The Jim Carrey Effect

Dr. Lynn Jones's picture

It all started when Roy Pearson carried a pair of pants to Custom Cleaners in Washington, D.C. in order to get some alterations done. This was not a very unusual thing to do, but what happened after that was. The laundry lost Pearson’s pants. When Pearson went to pick up the pants, Custom Cleaners told him that they could not find them. Pearson was so infuriated that he filed a $67 million lawsuit against the cleaners. The lawsuit attracted a lot of attention, especially in light of Pearson’s profession. He served as an administrative law judge in the District of Columbia.

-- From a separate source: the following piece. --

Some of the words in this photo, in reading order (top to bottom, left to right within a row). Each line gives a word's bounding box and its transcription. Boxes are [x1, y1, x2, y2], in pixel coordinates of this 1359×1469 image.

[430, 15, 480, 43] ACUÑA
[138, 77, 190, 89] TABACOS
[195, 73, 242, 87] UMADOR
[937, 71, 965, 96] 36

Some observers referred to the case as “The Great American Pants Suit,” and others referred to the judge as “Judge Fancy Pants.”

Some time after the lawsuit was filed, Pearson came out a loser. First he lost the lawsuit. The suit was deemed to have no merit. But then he had a more serious loss. Pearson had served on the bench for two years and was up for a ten-year term at the Office of Administrative Hearings. Instead of getting the appointment, he was told to vacate his office. The judicial committee that reviewed Pearson’s legal work noted he lacked “appropriate judgment and judicial temperament.” Pearson came out a loser all the way around. He lost his pants, his lawsuit, and, ultimately, his job.

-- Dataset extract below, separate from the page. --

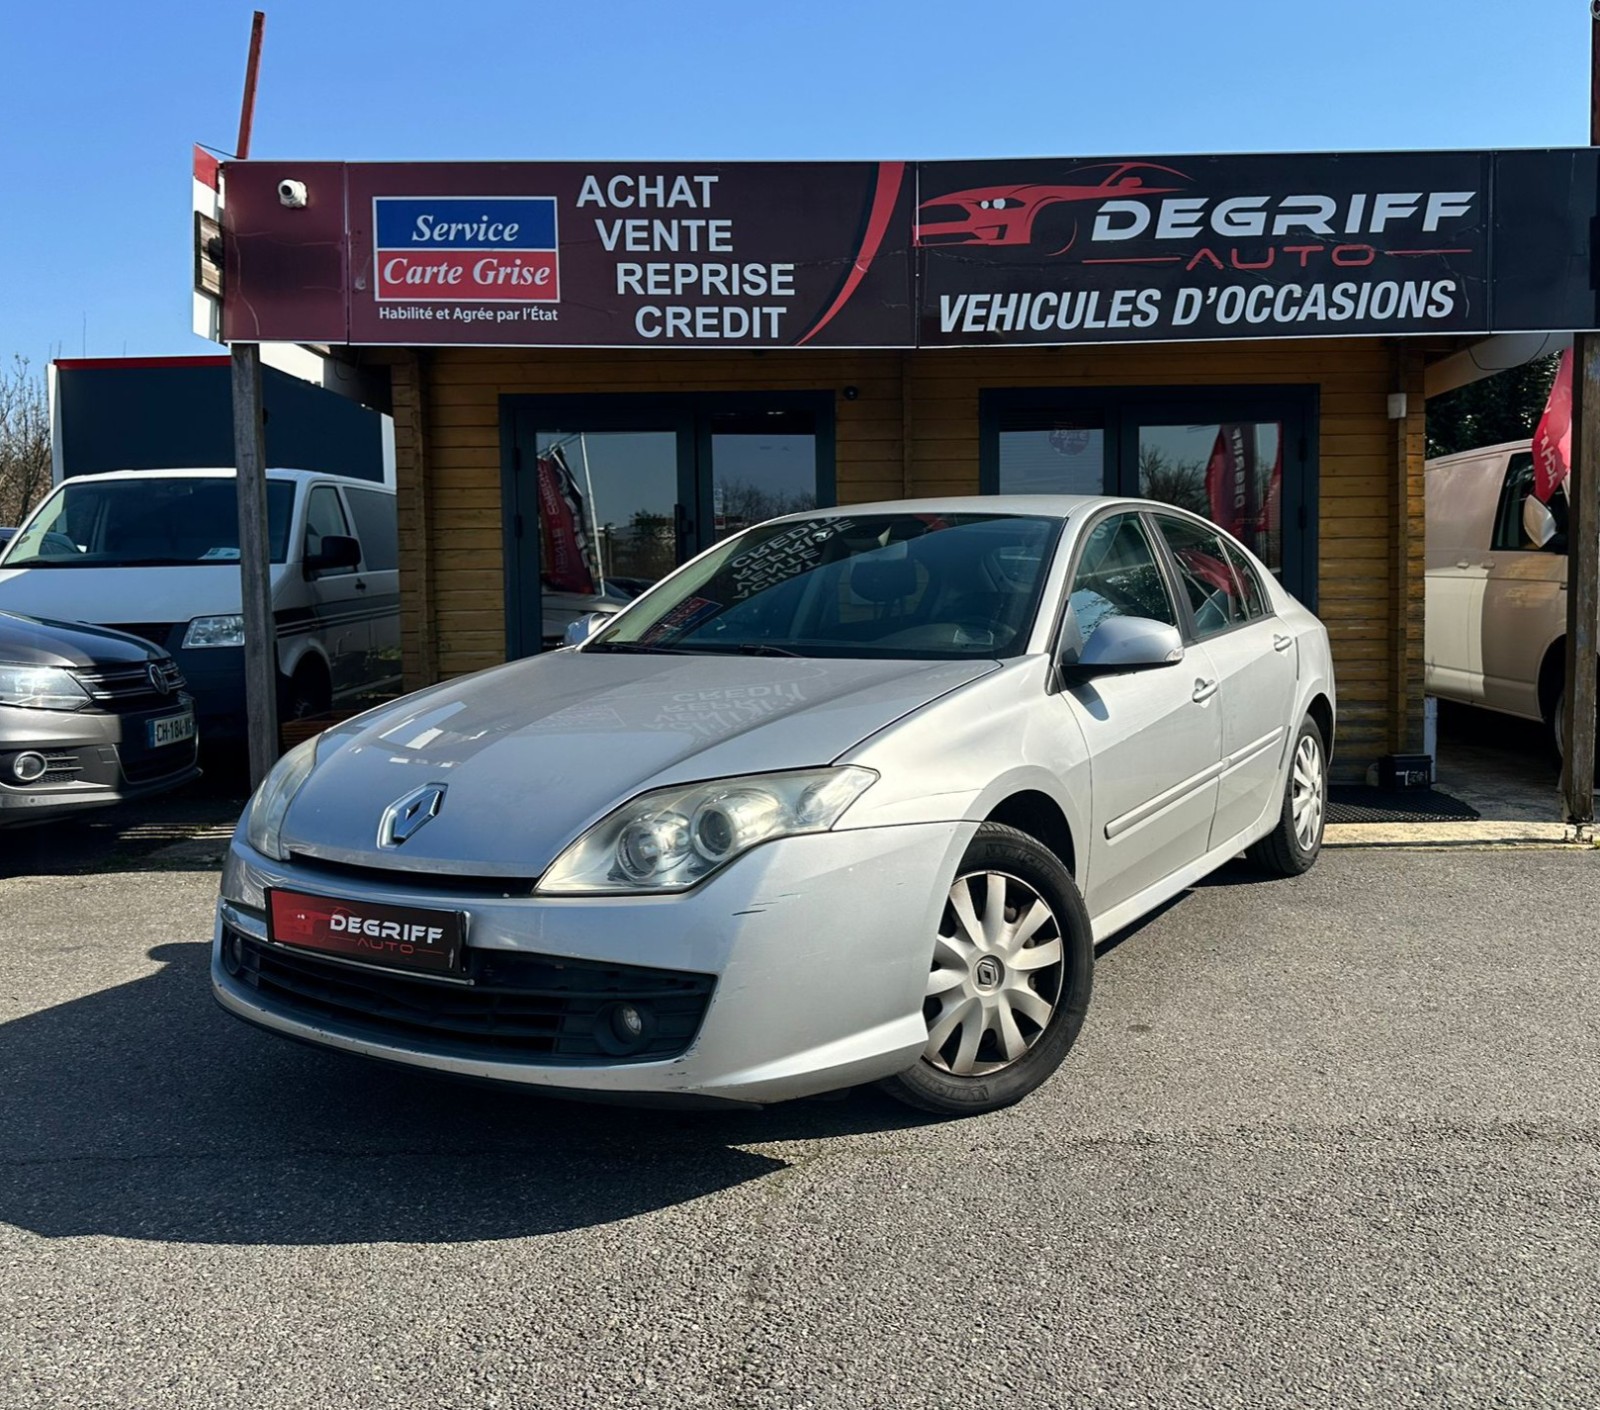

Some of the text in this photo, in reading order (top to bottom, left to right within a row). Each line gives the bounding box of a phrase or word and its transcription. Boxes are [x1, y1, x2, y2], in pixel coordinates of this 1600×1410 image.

Overreacting and losing control is a human tendency. It happens when anger blazes up and turns normally clear thinking into fuzzy and distorted thinking. It produces what John Ortberg has called “the Jim Carrey effect”: As you get mad and madder, you get dumb and dumber.”

You take the case of a North Carolina driving instructor. The driving instructor was helping a student driver learn to drive on the freeway when another motorist cut the driver’s ed car off in traffic. This so infuriated the driving instructor that he ordered the student driver to pursue the offending automobile. Eventually they forced the other car off the freeway. According to a police report, the driving instructor got out and belted the offending motorist. With a teacher like this, you have to wonder what kind of driver the student driver eventually turned out to be.

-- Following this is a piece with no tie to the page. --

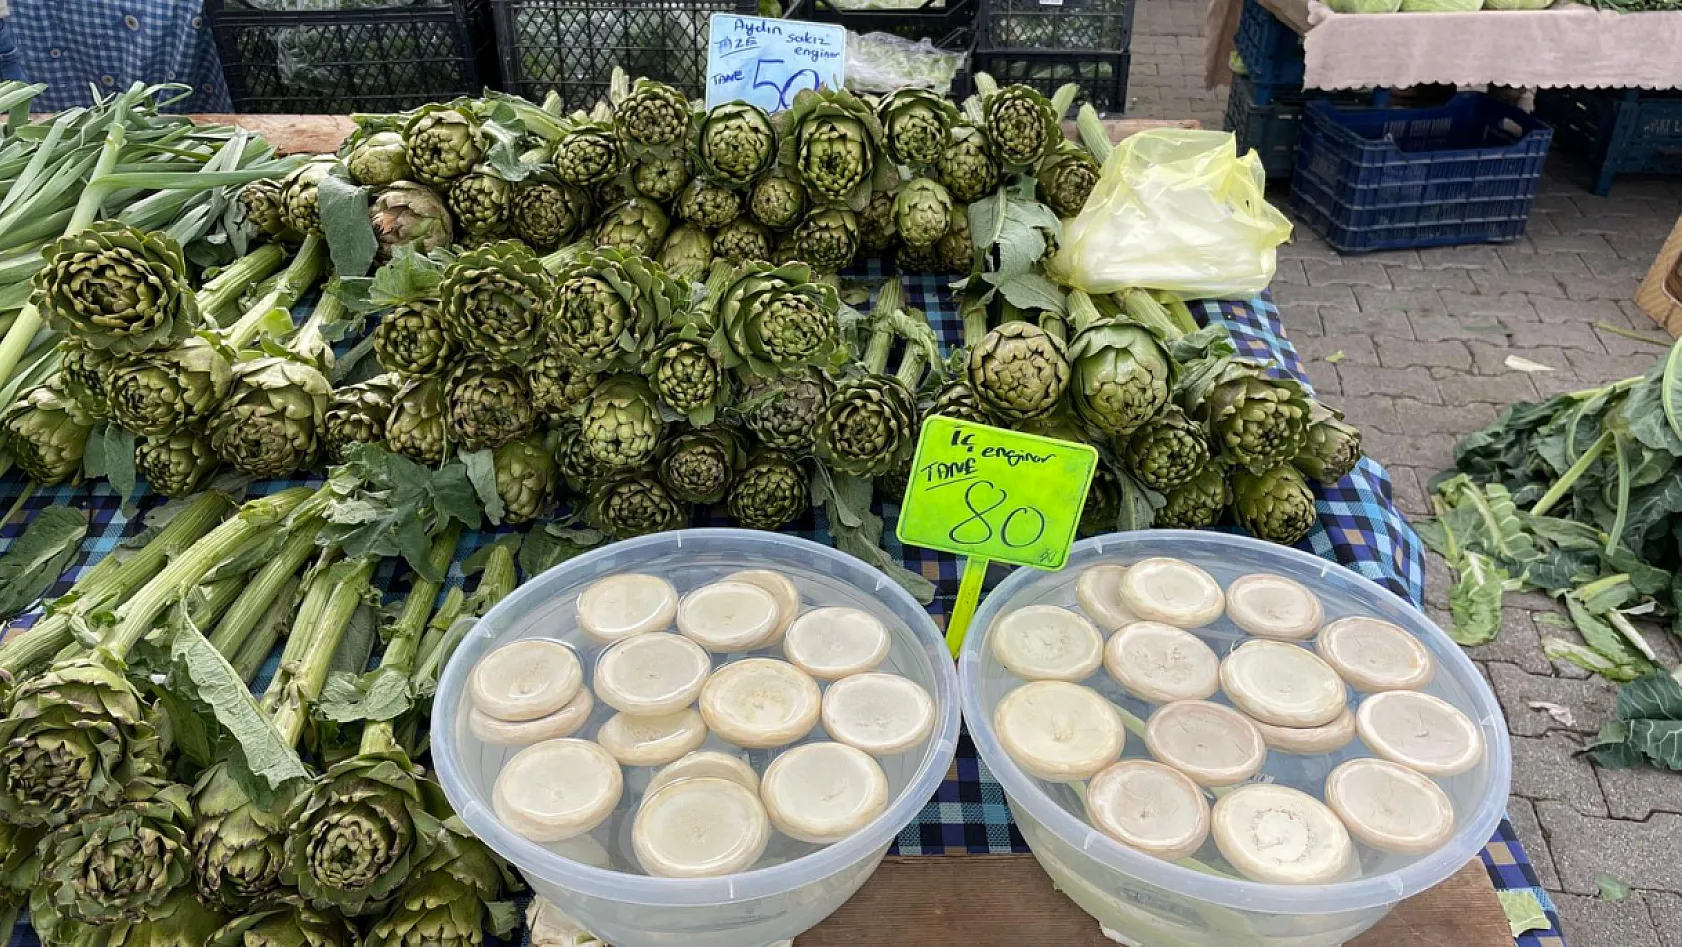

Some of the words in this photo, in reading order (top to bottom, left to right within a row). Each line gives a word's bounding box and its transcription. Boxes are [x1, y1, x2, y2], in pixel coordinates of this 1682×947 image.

[711, 70, 745, 86] TANE
[752, 58, 820, 113] 50
[920, 458, 979, 483] TANE
[948, 480, 1045, 548] 80

Or, you take the case of Guy Boos. In September of 1999, police were dispatched to a Wisconsin resident’s home after neighbors reported gunfire. When police arrived, they discovered what had happened. Boos, age 37, got mad when his washing machine broke down. In fact, he got so mad at the washer that he pushed it out the door and down a flight of stairs. He then got his 22-caliber pistol and fired three rounds into the machine.

These obviously are extreme examples, but, if the truth were known, in large and small ways we all overreact and do some irrational things. James said, “Everyone should be quick to listen, slow to speak and slow to anger, for man’s anger does not bring about the righteous life that God desires” (James 1:19-20).